To borrow the latest media cliché, government recruiters are facing a perfect storm of employment demand—one brewed in economic hard times and reinforced by “Yes, we can!” enthusiasm among the young. Times couldn’t be better for the Federal talent pool. If you’re an agency hiring manager–particularly one in a discipline related to energy, the environment, education, or transportation—prepare yourself for a surplus of highly talented candidates.
My advice: take advantage of this opportunity while you have it. Do your part to ensure that your ‘rookies’ are joining workplace cultures attuned to teamwork, and that their talents are put to the most productive use. Otherwise…well, you know the rest. Conditions in the general economy are certain to change for the better, and maybe sooner than you expect. Dedicated new hires, however enthusiastic during recruitment, will carefully (re) evaluate the agency cultures in which they find themselves. And they may have other, more attractive career options before 2009 winds down.

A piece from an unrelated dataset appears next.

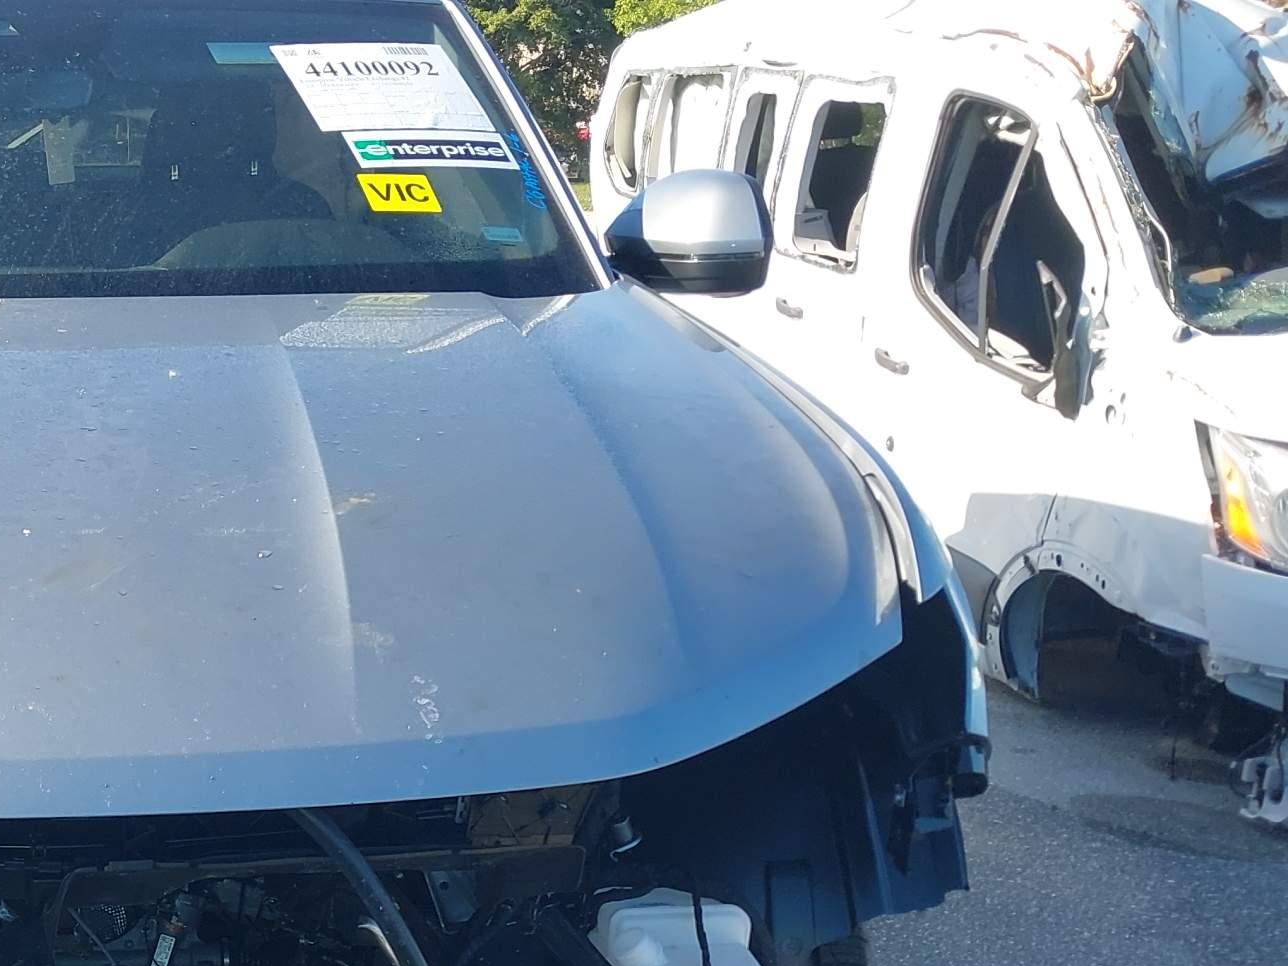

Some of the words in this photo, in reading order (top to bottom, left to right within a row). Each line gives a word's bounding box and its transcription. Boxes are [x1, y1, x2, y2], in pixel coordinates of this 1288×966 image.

[304, 60, 440, 78] 44100092
[363, 143, 505, 158] enterprise
[367, 183, 430, 203] VIC

So agencies should plan seriously for retaining these ‘windfall’ recruits, for ensuring that they stay on board as productive Federal employees for many years, and not just months.
Don’t be complacent about your good fortune. Address workplace culture and retention…so that all of your agency’s workforce, not to mention its day-to-day operations, can extract lasting benefits from this perfect storm in Federal human capital.